====== SOURCE INFORMATION
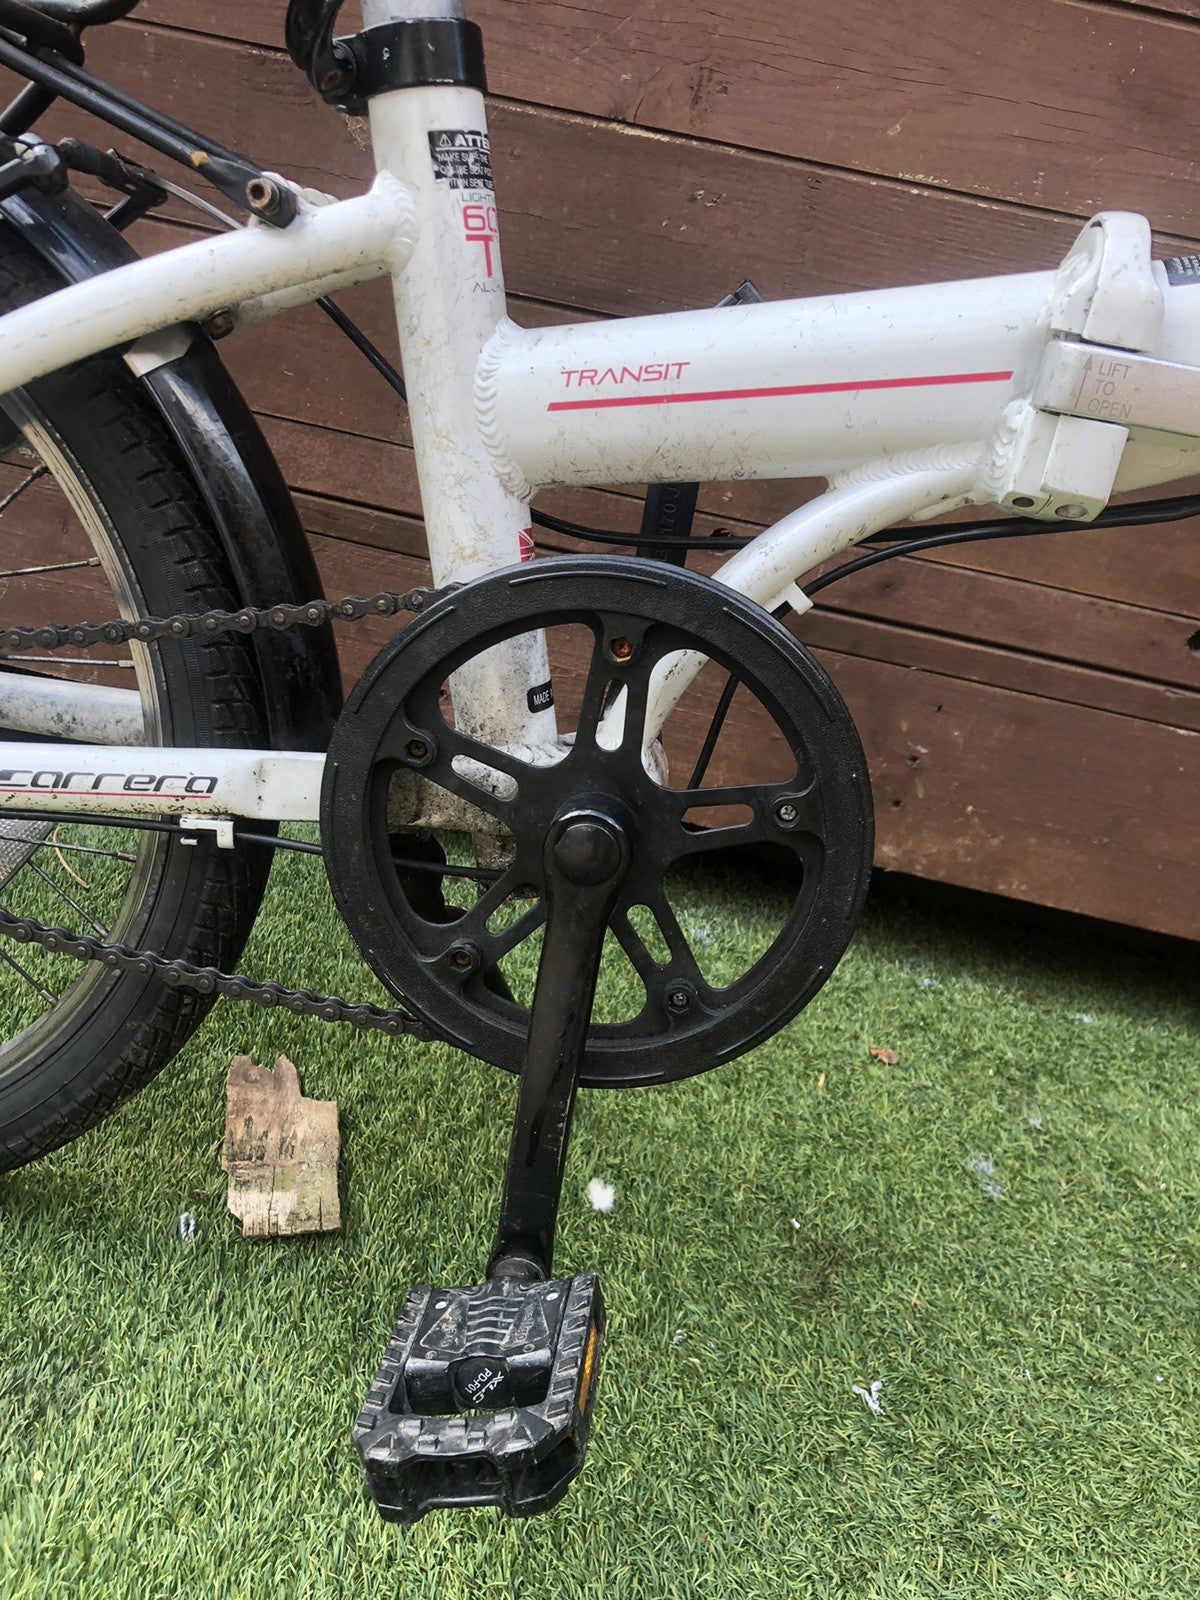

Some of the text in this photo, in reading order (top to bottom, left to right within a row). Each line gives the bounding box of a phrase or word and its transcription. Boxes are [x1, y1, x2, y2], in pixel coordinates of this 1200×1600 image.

[560, 362, 691, 388] TRANSIT
[1098, 361, 1133, 380] LIFT
[1095, 379, 1116, 396] TO
[1087, 398, 1132, 418] OPEN
[533, 690, 549, 706] MADE
[0, 769, 219, 794] carrera
[464, 1367, 493, 1394] PD-F01
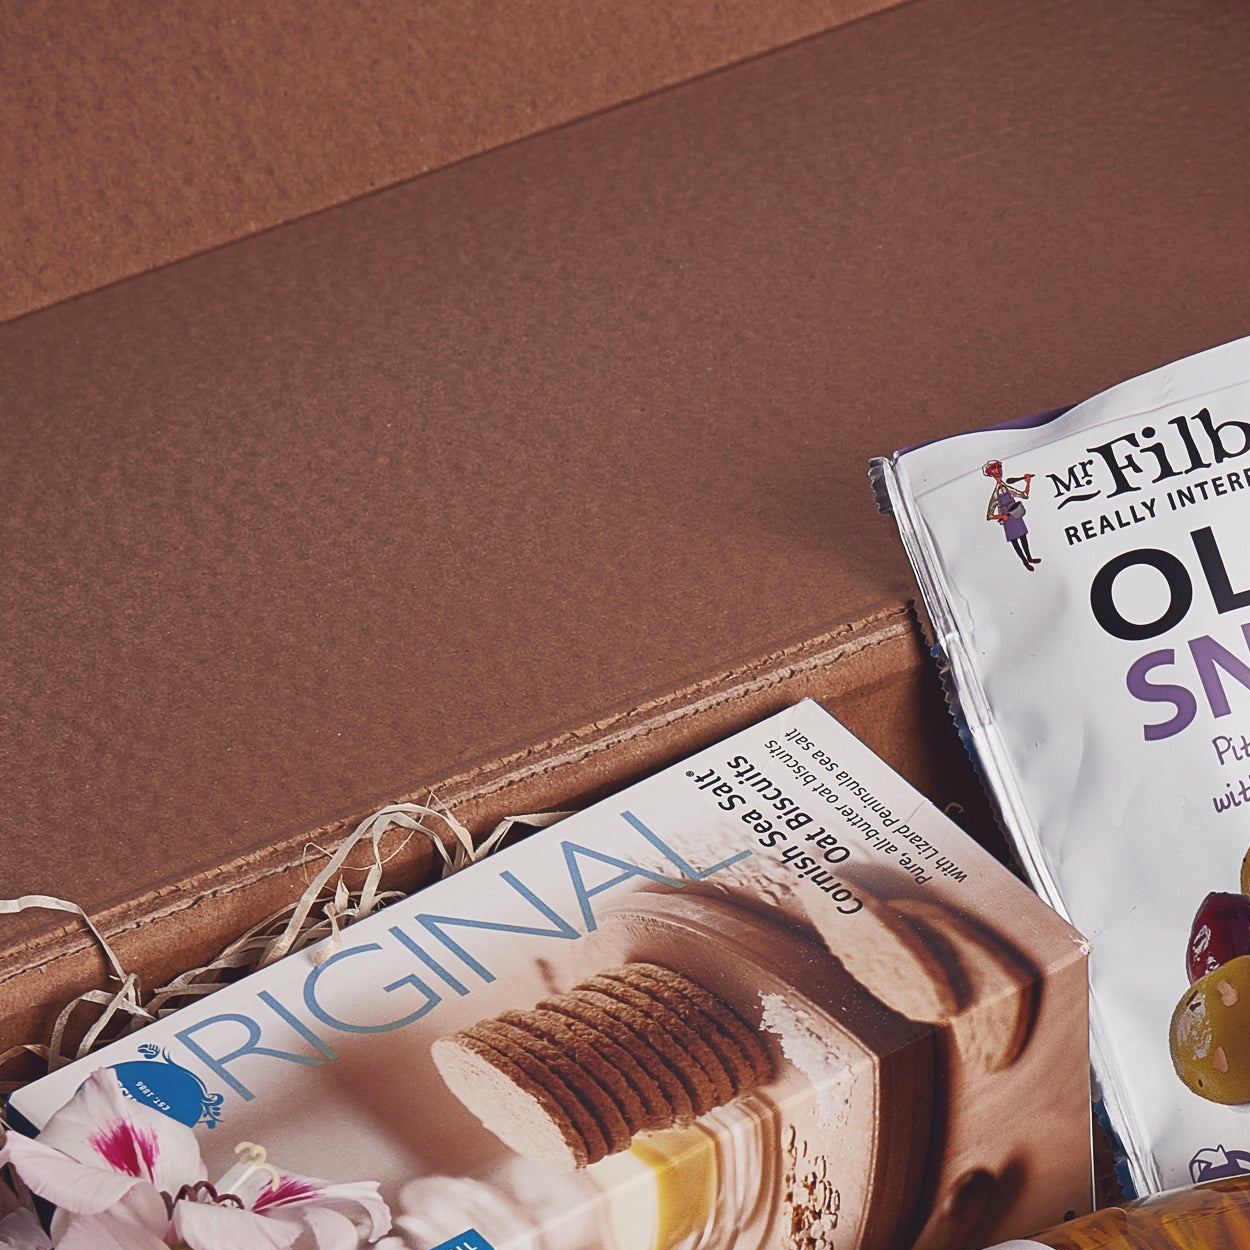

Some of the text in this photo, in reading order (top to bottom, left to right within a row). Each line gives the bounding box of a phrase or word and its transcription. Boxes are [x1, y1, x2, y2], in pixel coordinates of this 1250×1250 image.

[1064, 498, 1158, 546] REALLY
[726, 755, 850, 864] Oat Biscuits
[741, 808, 788, 848] Sea
[764, 738, 933, 886] Pure, all-butter oat biscuits
[784, 727, 968, 884] with Lizard Peninsula sea salt
[780, 844, 864, 915] Cornish
[120, 810, 753, 1122] RIGINAL
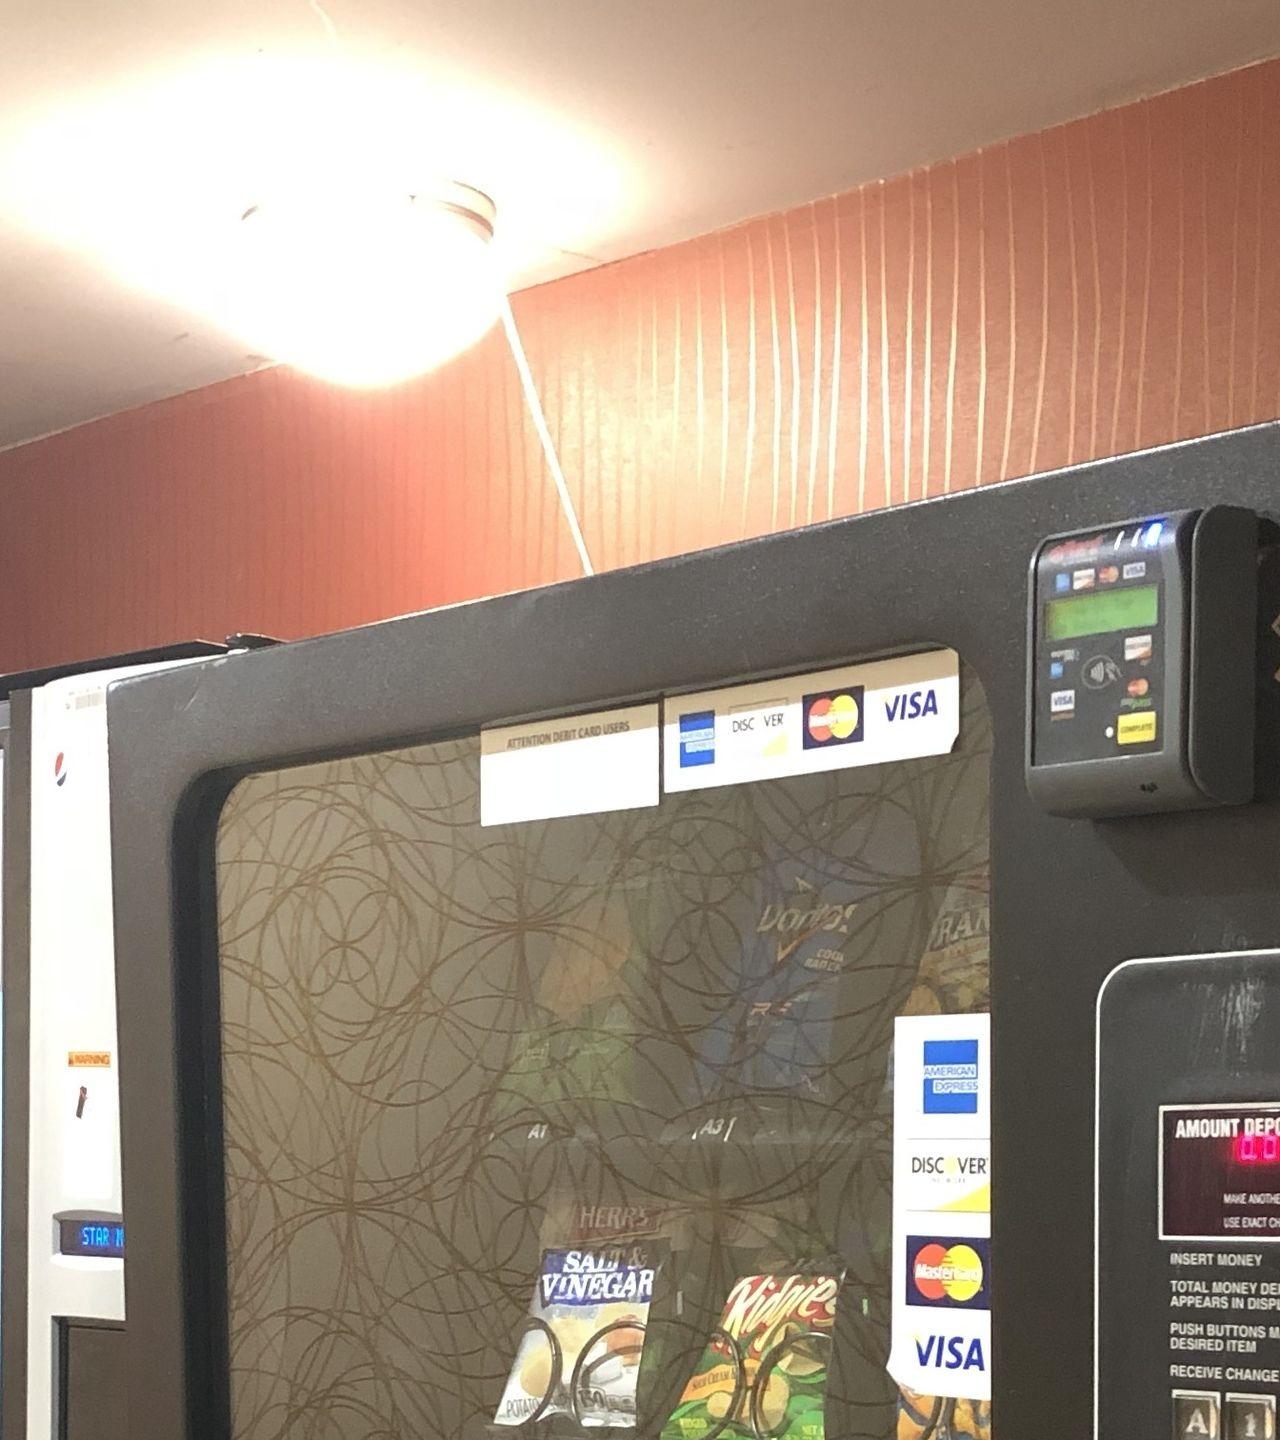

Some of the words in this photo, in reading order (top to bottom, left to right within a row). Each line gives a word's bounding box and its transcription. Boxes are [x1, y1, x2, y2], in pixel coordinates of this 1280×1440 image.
============
### WHAT TO PRODUCE
The records above should be returned word for word, with every picture left out.

### ANSWER SPACE
Some of the text in this photo, in reading order (top to bottom, left to right within a row). Each line gives the bounding box of a phrase or word and its transcription. Boxes are [x1, y1, x2, y2], in pixel coordinates of this 1200×1600 image.

[560, 362, 691, 388] TRANSIT
[1098, 361, 1133, 380] LIFT
[1095, 379, 1116, 396] TO
[1087, 398, 1132, 418] OPEN
[533, 690, 549, 706] MADE
[0, 769, 219, 794] carrera
[464, 1367, 493, 1394] PD-F01

Some of the text in this photo, in reading order (top to bottom, left to right within a row). Each line gives the bounding box of a phrase or word and its transcription. Boxes are [x1, y1, x2, y2], in pixel coordinates of this 1250×1250 image.

[1064, 498, 1158, 546] REALLY
[726, 755, 850, 864] Oat Biscuits
[741, 808, 788, 848] Sea
[764, 738, 933, 886] Pure, all-butter oat biscuits
[784, 727, 968, 884] with Lizard Peninsula sea salt
[780, 844, 864, 915] Cornish
[120, 810, 753, 1122] RIGINAL

Some of the words in this photo, in reading order (top to bottom, left to right within a row). Each line gives a word's bounding box and its transcription. Boxes are [x1, y1, x2, y2], in pixel coordinates of this 1280×1440 image.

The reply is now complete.